The Rev. Carol Reese, an Episcopal priest and hospital chaplain, cares for victims of gun violence at a Chicago hospital.
John H. Stroger Jr. Hospital of Cook County operates one of the busiest trauma centers in the country. The Chicago hospital has hundreds of physicians, medical residents and fellows on its staff but only one employee with the title of violence prevention coordinator and the word “chaplain” on her name badge.
Many of the patients the Rev. Carol Reese sees face a crisis of faith as much as a medical crisis, especially teenagers injured by gunfire.
“These kids are just trying to hold on to whatever bit of hope in life that they can,” Reese, 60, an Episcopal priest said in an interview last month at the hospital. “For some of them, their faith helps.
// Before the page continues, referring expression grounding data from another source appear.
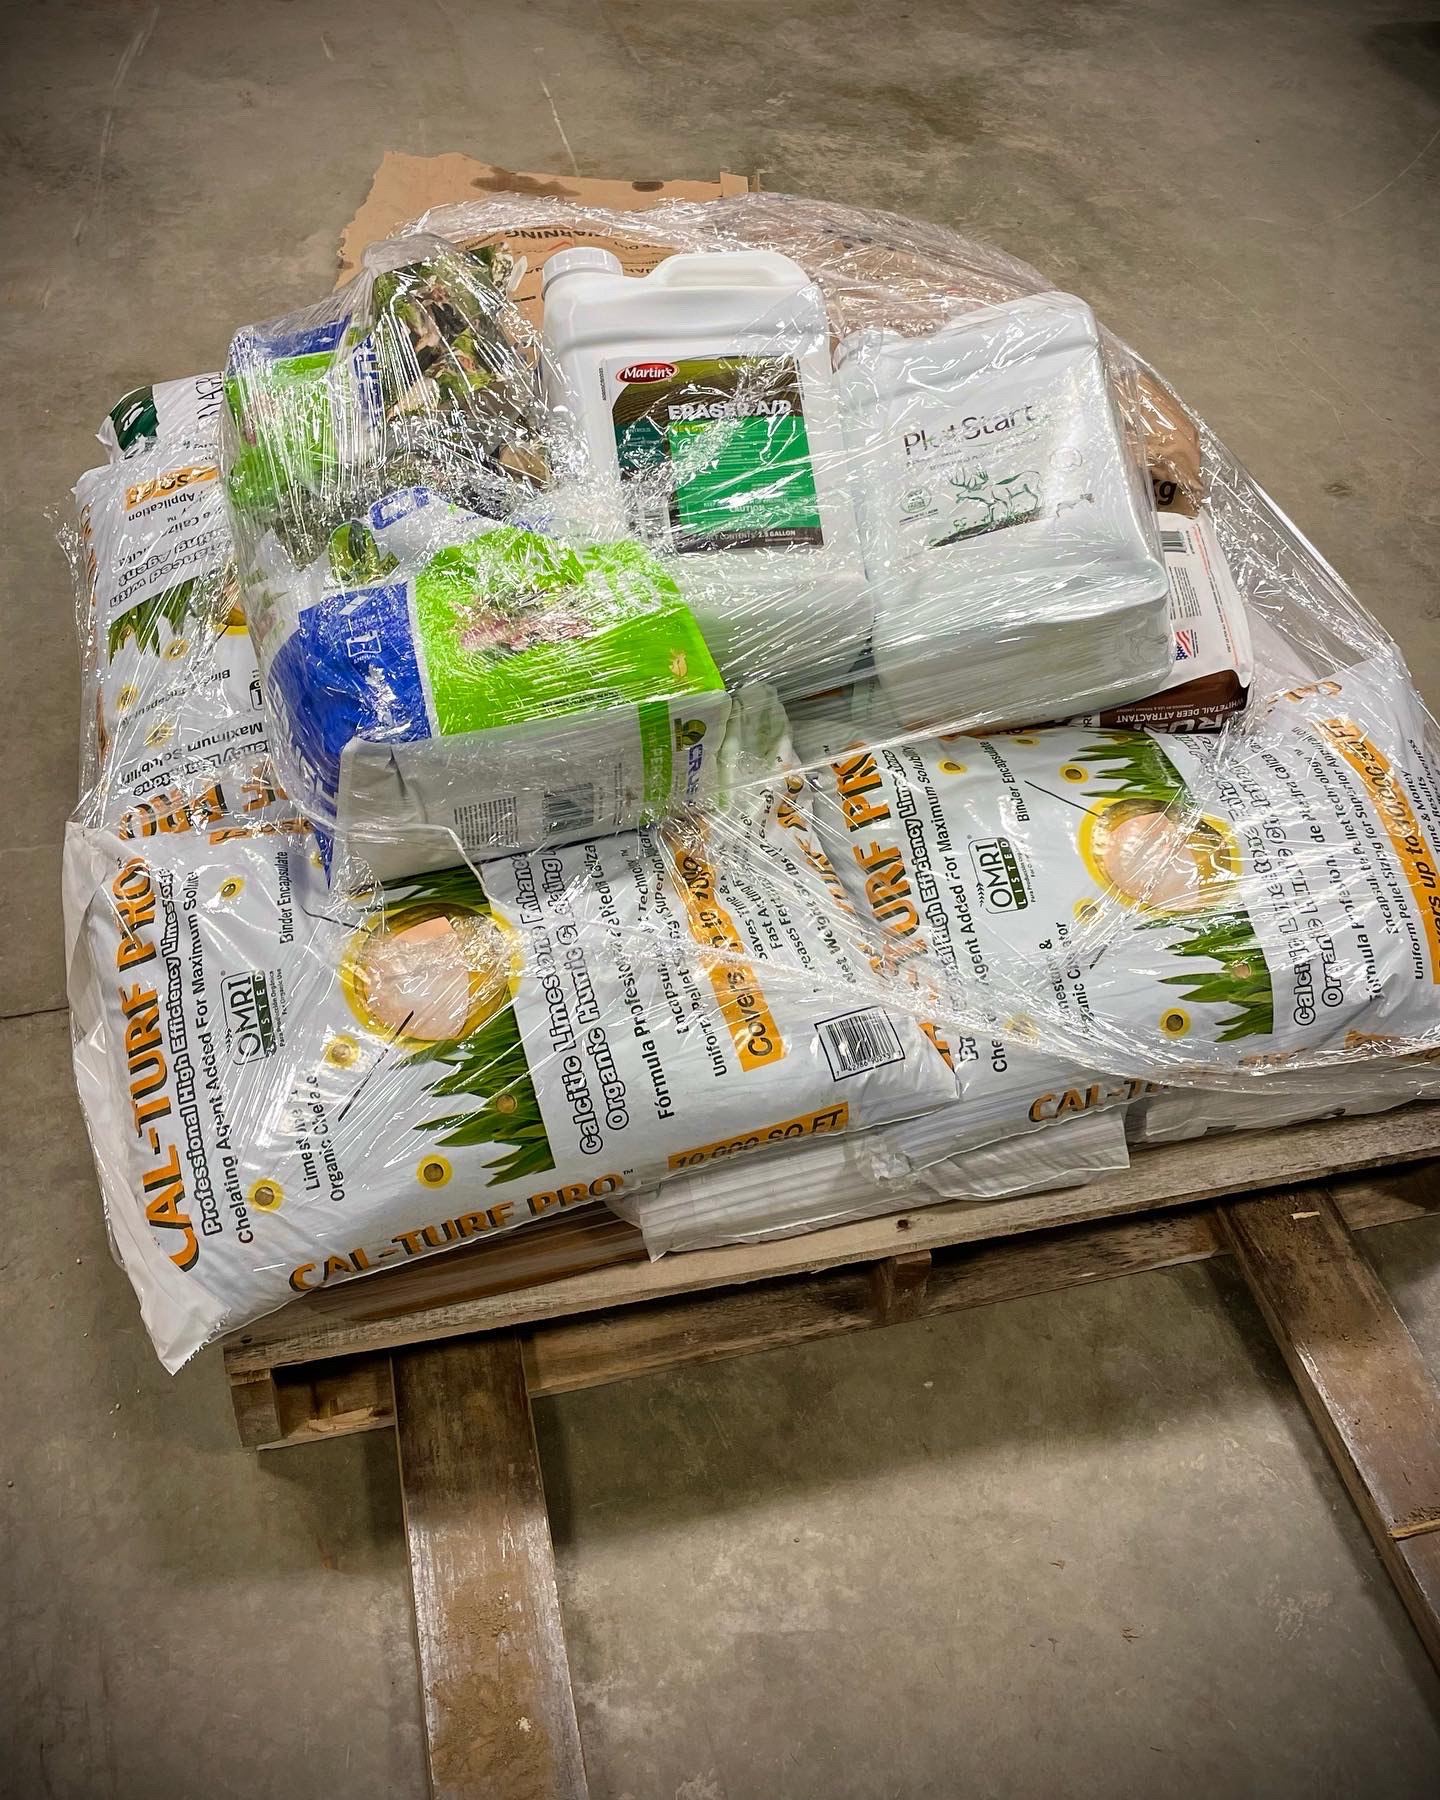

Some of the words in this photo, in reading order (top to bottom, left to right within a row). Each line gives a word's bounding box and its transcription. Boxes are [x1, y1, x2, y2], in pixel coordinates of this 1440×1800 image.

[623, 365, 674, 380] Martin's
[127, 491, 195, 522] Application
[188, 721, 263, 753] Maximum
[1115, 710, 1174, 724] ATTRACTANT
[1176, 707, 1200, 719] DEER
[1261, 752, 1291, 780] Caliza
[1401, 770, 1426, 811] Money
[925, 786, 952, 854] Maximum
[1007, 785, 1030, 824] Binder
[1362, 820, 1377, 840] for
[905, 817, 939, 903] Efficiency
[1310, 824, 1326, 844] de
[1405, 835, 1424, 855] to
[276, 851, 293, 906] Encapsulate
[975, 841, 1013, 908] OMRI
[1000, 841, 1027, 905] LISTED
[1386, 880, 1412, 919] Pellet
[1415, 860, 1437, 890] up
[112, 856, 158, 973] PRO
[279, 906, 295, 945] Binder
[950, 883, 976, 935] Added
[187, 913, 206, 996] Maximum
[761, 921, 784, 951] Fast
[1038, 938, 1053, 950] &
[1405, 922, 1424, 980] Uniform
[165, 957, 189, 1054] Efficiency
[255, 971, 275, 1055] ISTED
[564, 947, 601, 1026] Humic
[195, 998, 209, 1029] For
[227, 976, 261, 1058] OMRI
[173, 1053, 197, 1105] High
[197, 1031, 221, 1090] Added
[587, 1026, 630, 1131] Organic
[640, 1039, 675, 1121] Fórmula
[119, 981, 200, 1273] CAL-TURF
[562, 1054, 603, 1156] Calcitic
[810, 1107, 846, 1133] FT
[179, 1106, 223, 1236] Professional
[320, 1138, 346, 1203] Organic
[221, 1155, 254, 1244] Chelating
For some of them, it gets pretty shaken in the midst of all of this.”
Reese will share her insights into communities traumatized by gun violence and public health approaches to violence reduction at a conference this week in Chicago held by Bishops United Against Gun Violence. “Unholy Trinity: The Intersection of Racism, Poverty and Gun Violence” is being held at the Lutheran School of Theology from April 20 to 22 in Hyde Park.
Reese brings a patient-centered approach to her work as a chaplain, knowing that spiritual issues are alive to many people even if they have little or no connection to a faith community.
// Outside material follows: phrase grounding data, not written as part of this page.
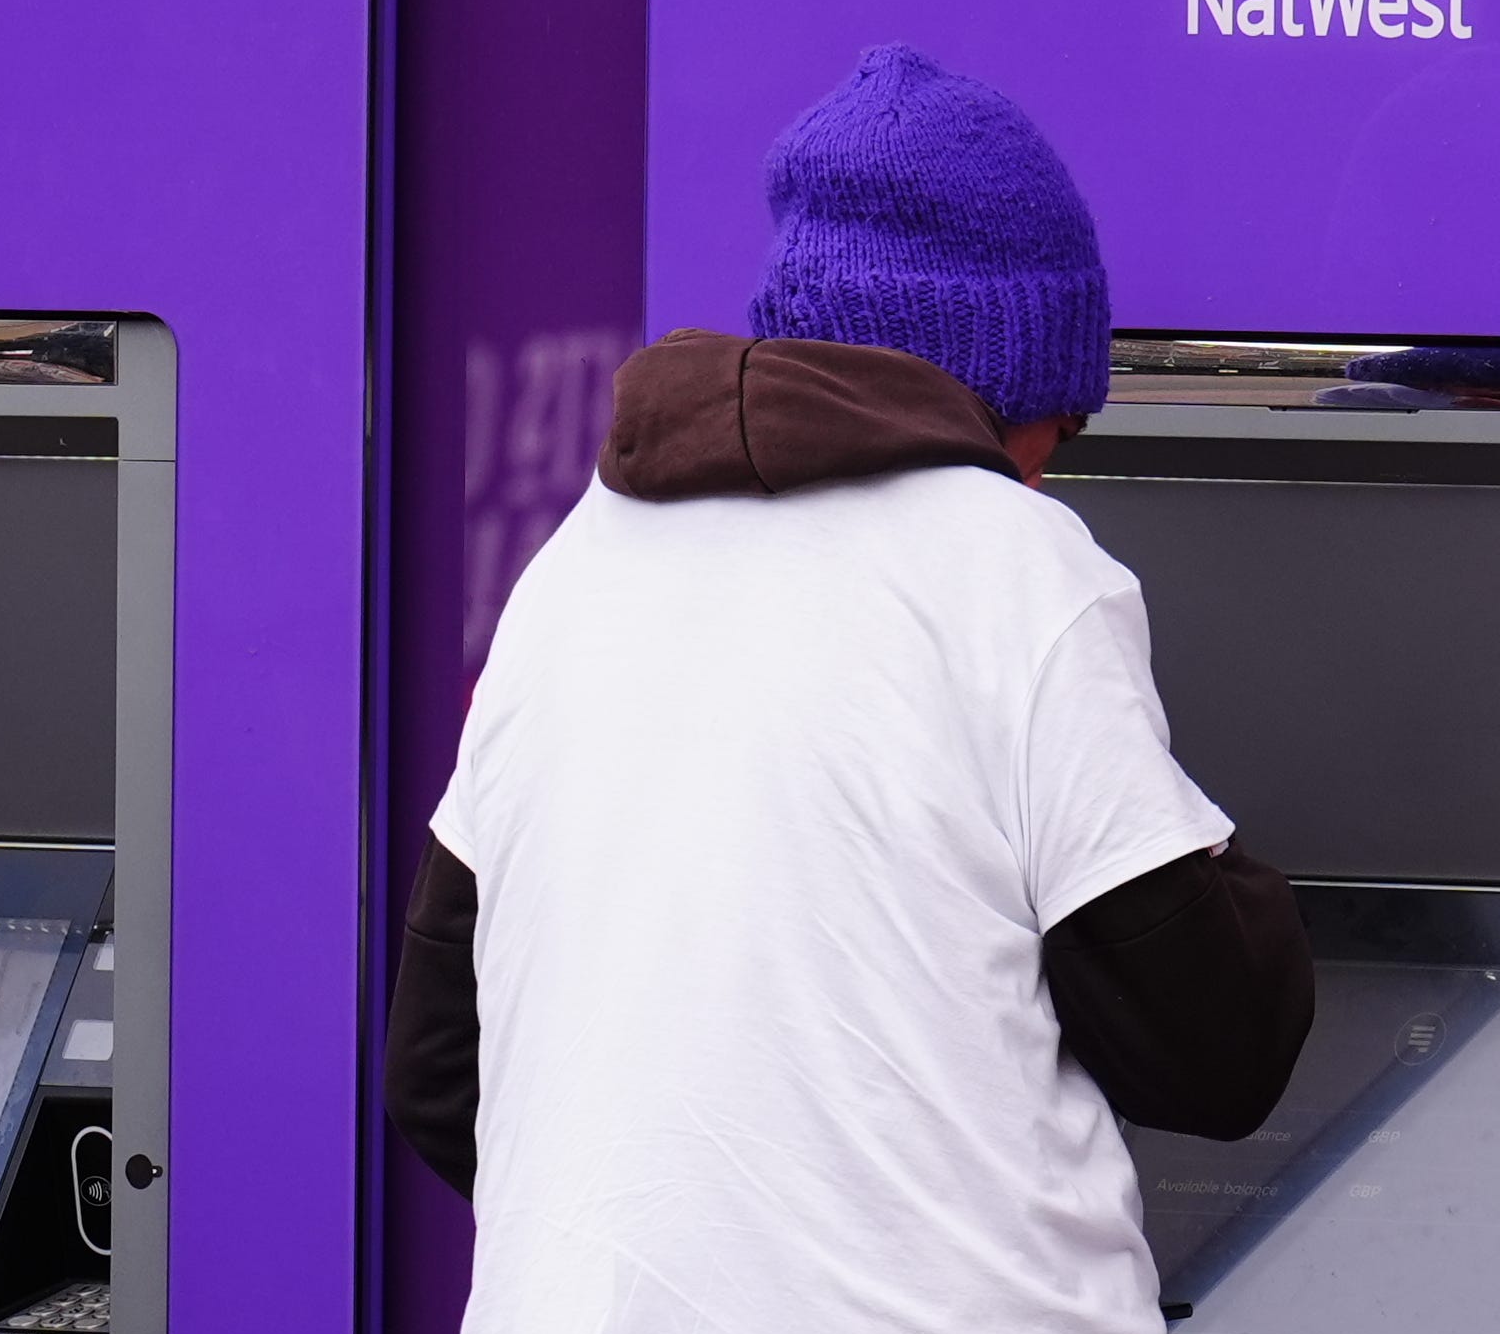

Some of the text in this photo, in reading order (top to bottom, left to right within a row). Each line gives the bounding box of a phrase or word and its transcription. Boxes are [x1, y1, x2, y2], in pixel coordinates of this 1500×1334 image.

[1246, 1129, 1292, 1142] lance
[1368, 1130, 1401, 1144] GBP
[1156, 1178, 1220, 1194] Available
[1223, 1181, 1279, 1197] balance
[1349, 1184, 1382, 1198] GBP
Reese, a Kentucky native, earned bachelor’s and master’s degrees in social work before starting her first, five-year providing pastoral care at Stroger in 1986. She returned to the trauma center at Stroger in 2005 at a time when the hospital was responding to the results of focus groups held with young men who had been treated in the trauma center. They had been asked what factors aided in their recovery.
“Almost to a person, those young men told the interviewers that the thing that helped them get through their violent injury was their faith,” said Reese, who was ordained in 2010 in a move to bring more liturgical and sacramental pieces to her work.
She’s conscious, however, that society – and the patients she typically sees – are becoming less and less religious, hence her preference for the term “spiritual care” over more religious language. Even patients without strong roots in a faith tradition grasp the underlying spiritual concepts.